▸ **WHAT IS NEEDED**
The answer must consist solely of the lines from the one with "this 1920×1280 image." through the last line of the data, copied exactly, with no pictures.

▸ **GIVEN RECORDS**

----

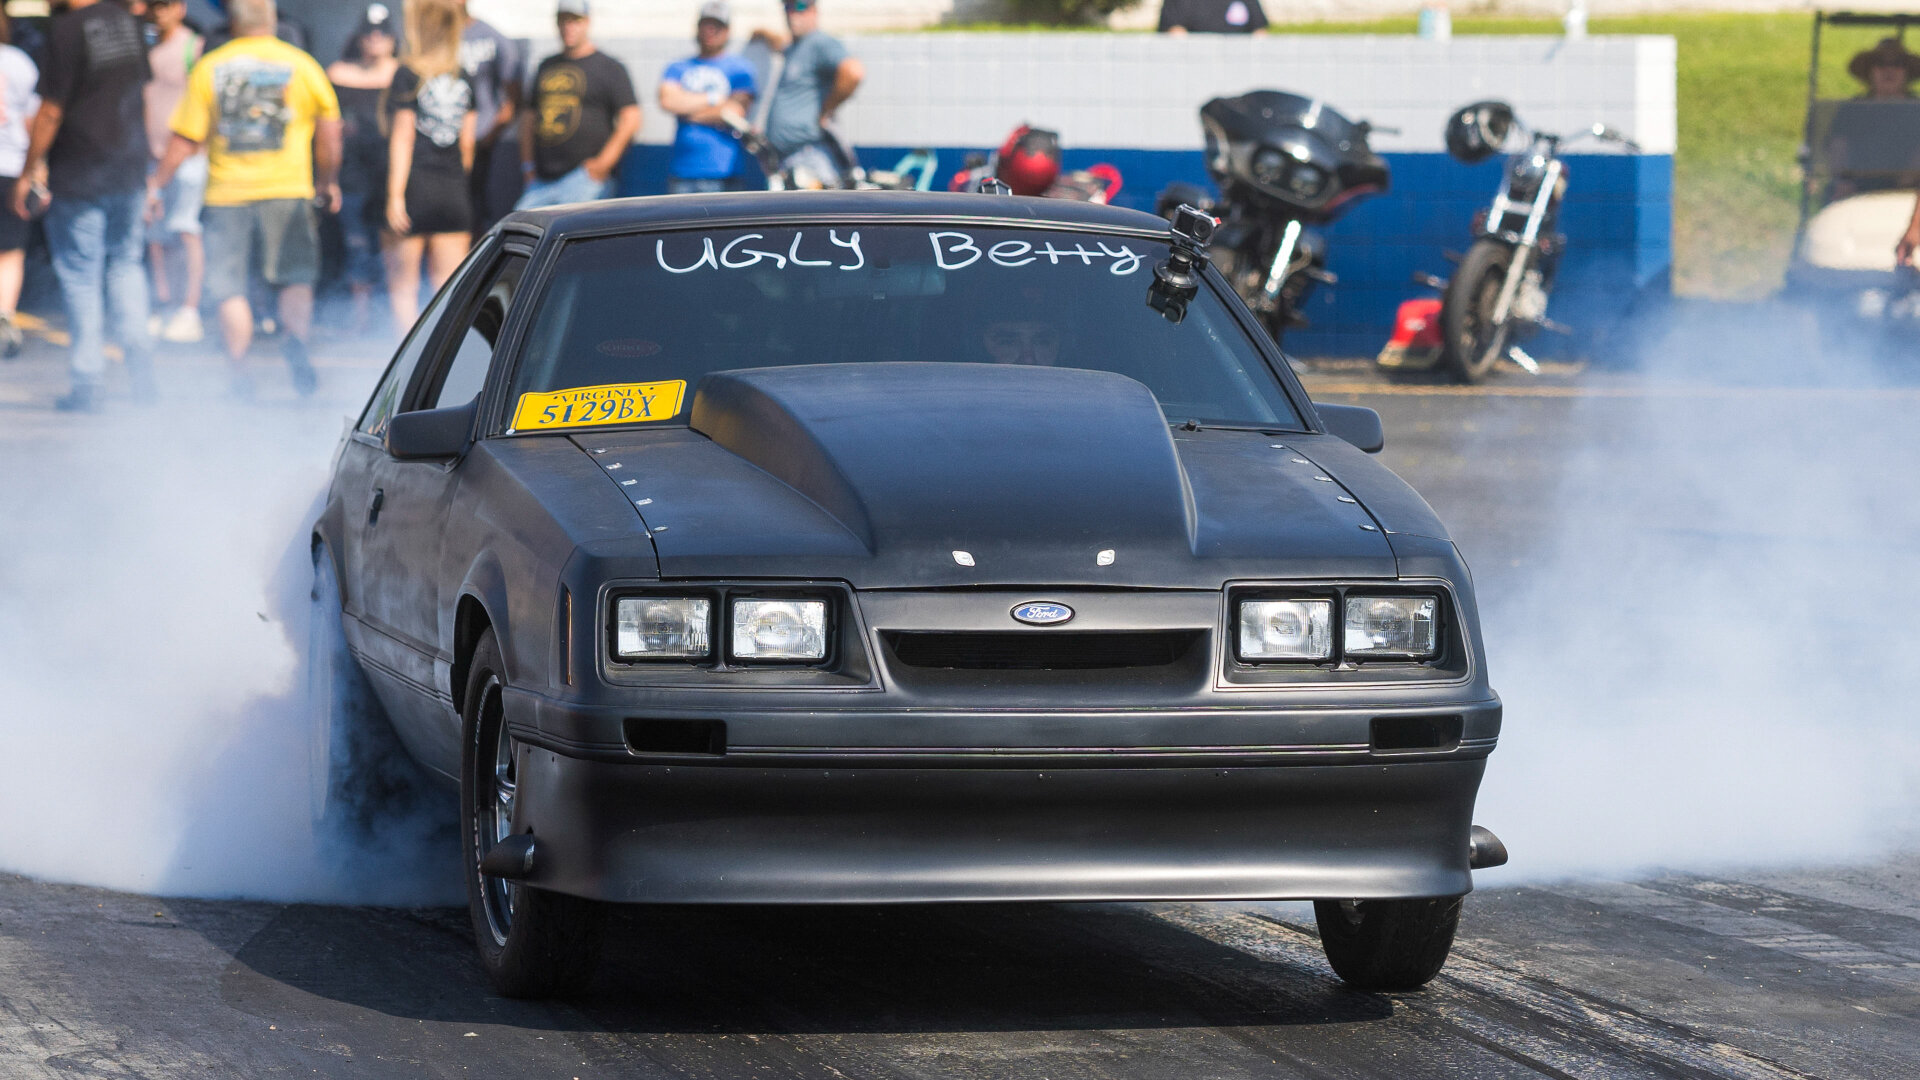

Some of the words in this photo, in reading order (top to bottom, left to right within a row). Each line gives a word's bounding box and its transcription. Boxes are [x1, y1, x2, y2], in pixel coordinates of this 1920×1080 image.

[655, 229, 865, 274] UGLY
[561, 388, 643, 403] VIRGINIA
[538, 394, 657, 425] 5129BX
[1026, 606, 1058, 618] Ford
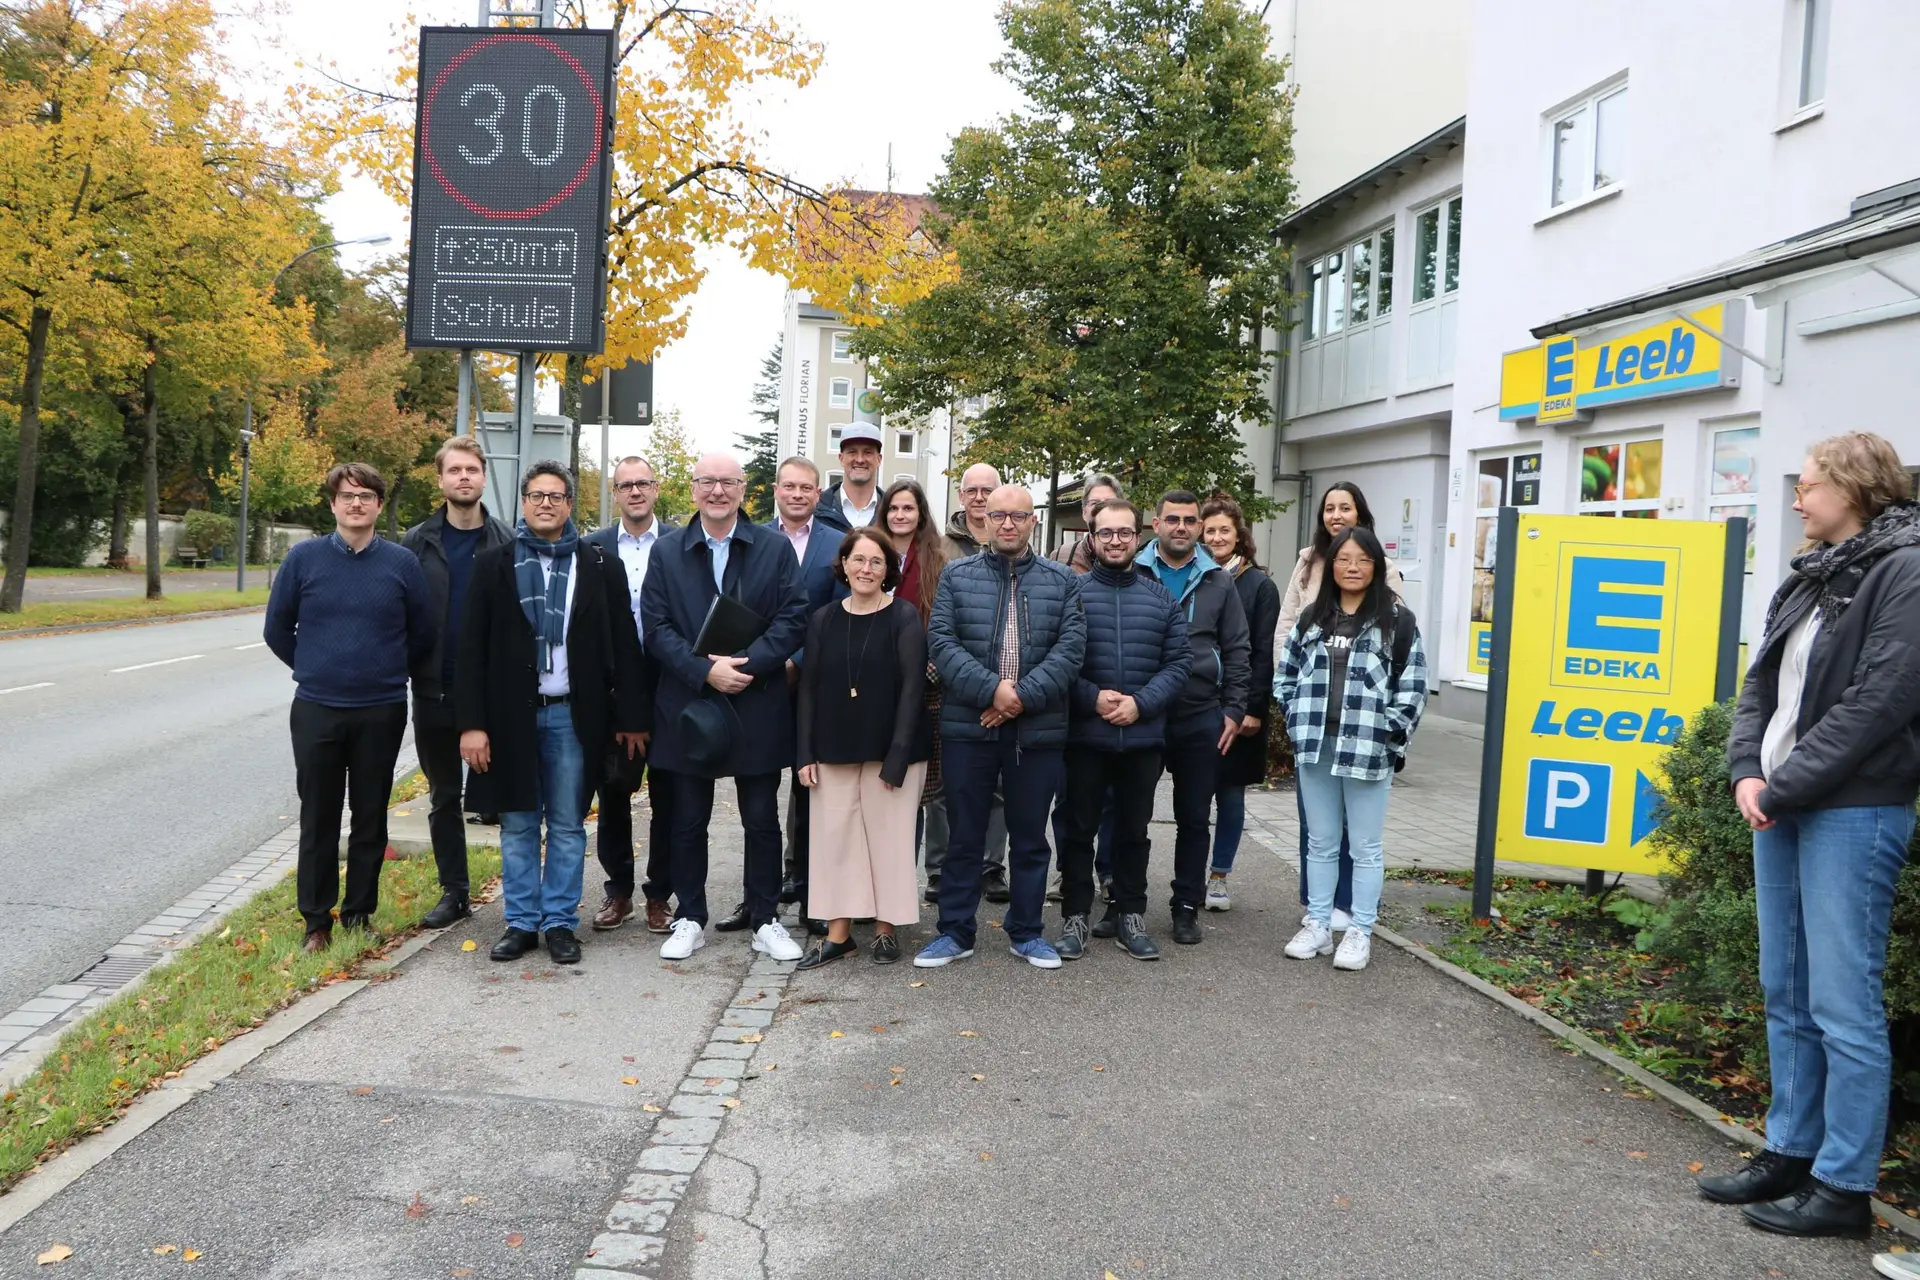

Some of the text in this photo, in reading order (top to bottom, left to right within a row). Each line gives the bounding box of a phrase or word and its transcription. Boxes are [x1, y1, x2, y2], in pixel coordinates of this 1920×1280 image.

[458, 83, 566, 166] 30
[463, 237, 548, 266] 350m
[442, 294, 561, 328] Schule
[1545, 339, 1574, 397] E
[1593, 327, 1696, 389] Leeb
[797, 360, 811, 457] ZTEHAUS FLORIAN
[1543, 397, 1572, 412] EDEKA
[1567, 556, 1666, 654] E
[1564, 656, 1661, 681] EDEKA
[1530, 700, 1685, 746] Leeb
[1544, 770, 1591, 830] P
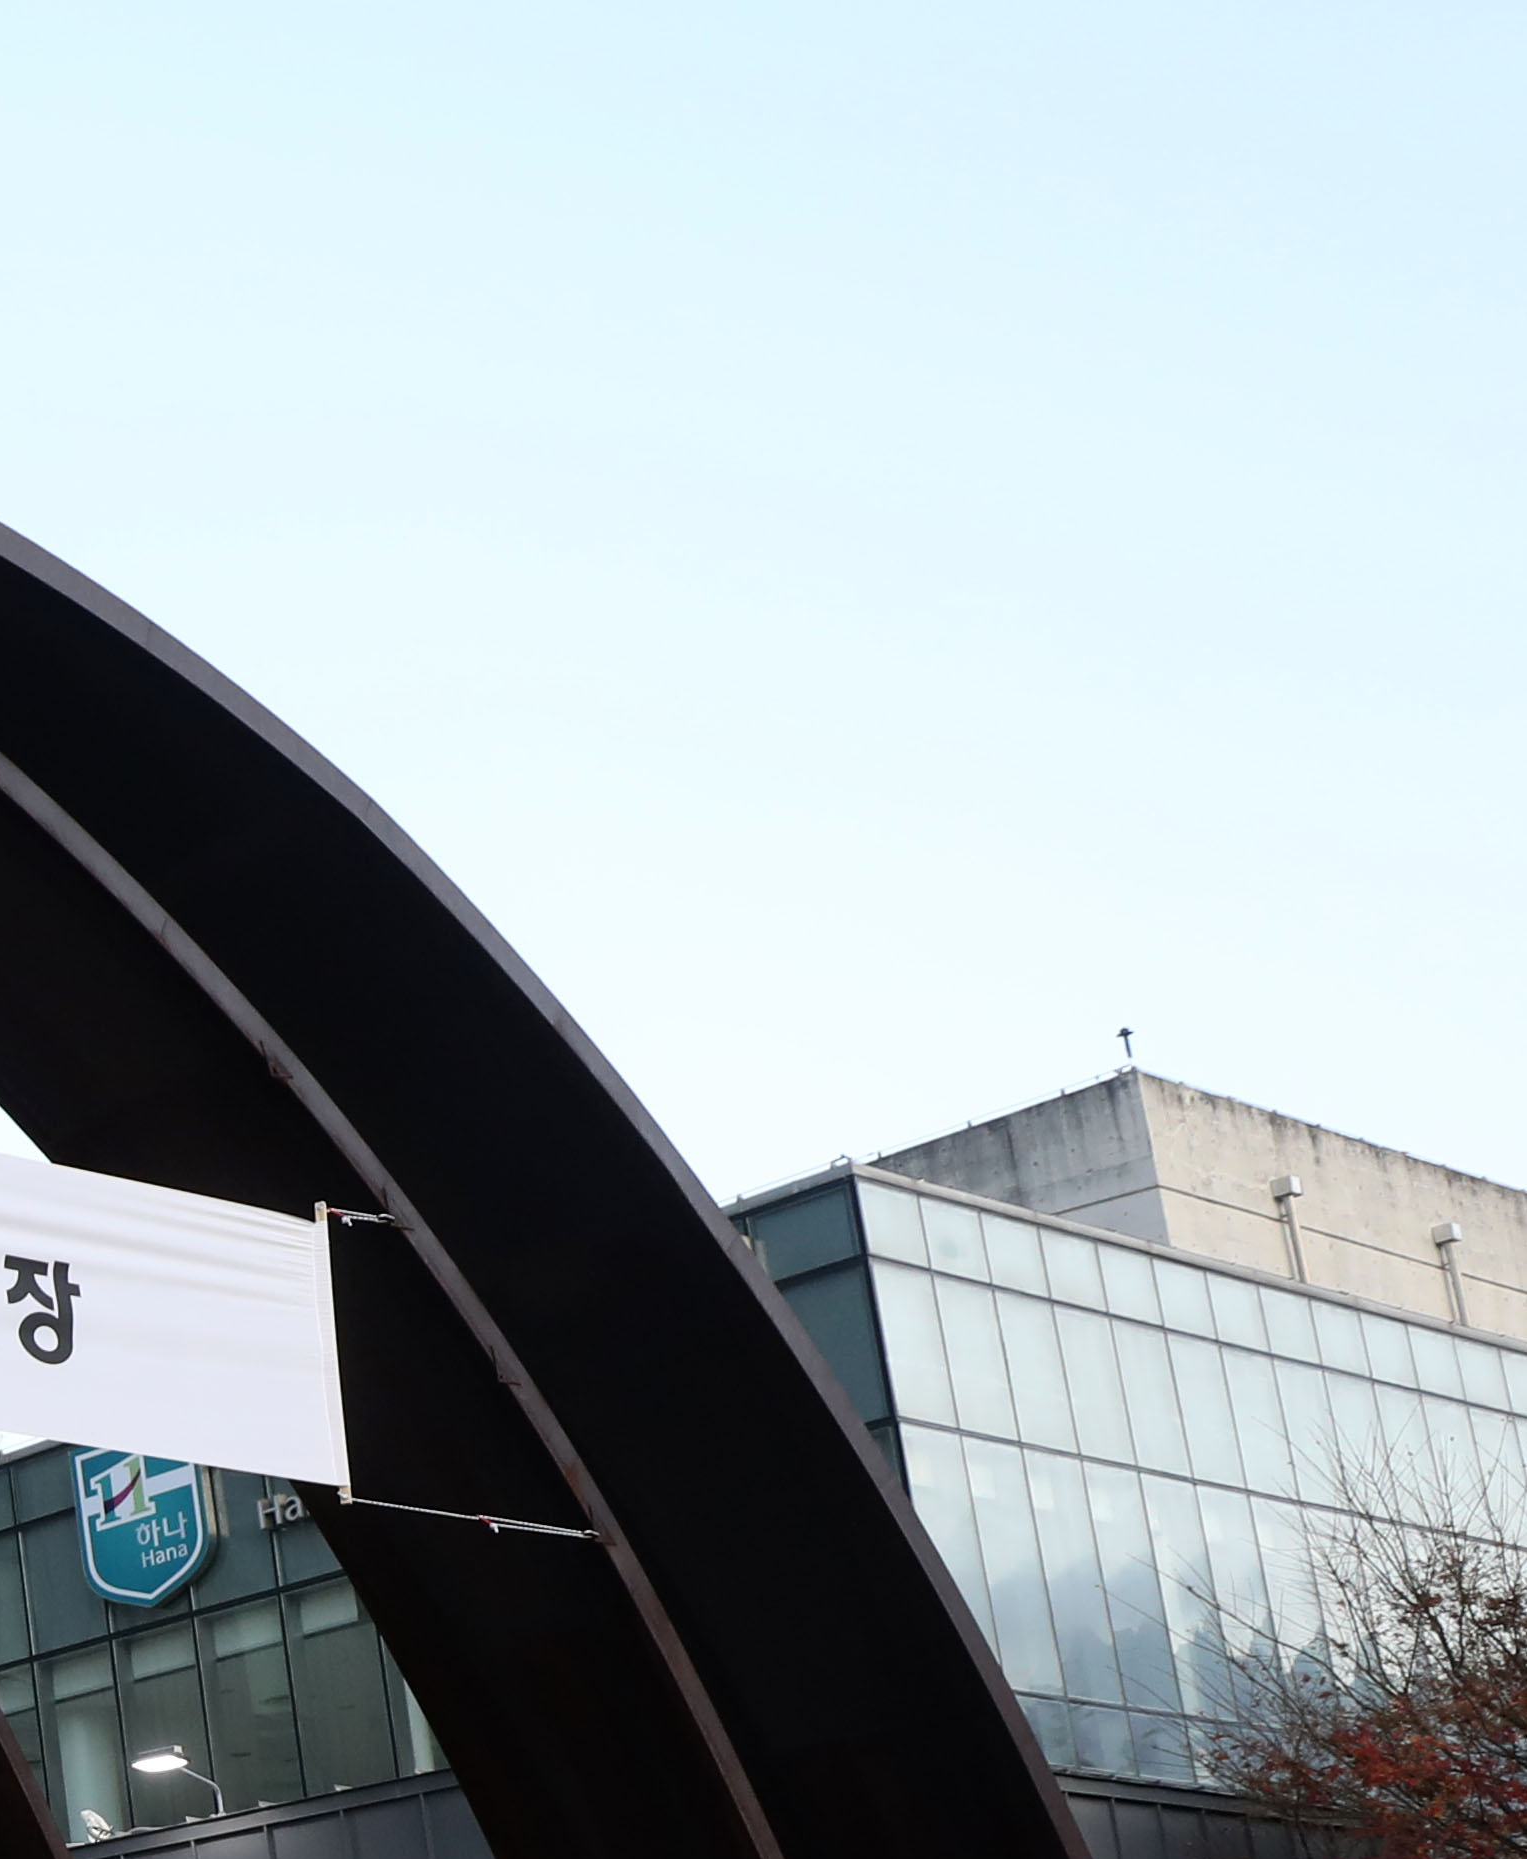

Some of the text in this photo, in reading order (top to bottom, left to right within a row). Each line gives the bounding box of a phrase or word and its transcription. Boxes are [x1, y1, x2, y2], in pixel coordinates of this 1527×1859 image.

----

▸ **RESPONSE TO THIS EXERCISE**
Some of the text in this photo, in reading order (top to bottom, left to right within a row). Each line gives the bounding box of a phrase or word and its transcription. Boxes are [x1, y1, x2, y2], in pixel coordinates of this 1920×1280 image.

[458, 83, 566, 166] 30
[463, 237, 548, 266] 350m
[442, 294, 561, 328] Schule
[1545, 339, 1574, 397] E
[1593, 327, 1696, 389] Leeb
[797, 360, 811, 457] ZTEHAUS FLORIAN
[1543, 397, 1572, 412] EDEKA
[1567, 556, 1666, 654] E
[1564, 656, 1661, 681] EDEKA
[1530, 700, 1685, 746] Leeb
[1544, 770, 1591, 830] P

Some of the text in this photo, in reading order (top to bottom, left to right within a row). Each line gives the bounding box of a phrase or word and its transcription. Boxes are [x1, y1, x2, y2], in pixel coordinates of this 1527×1859 image.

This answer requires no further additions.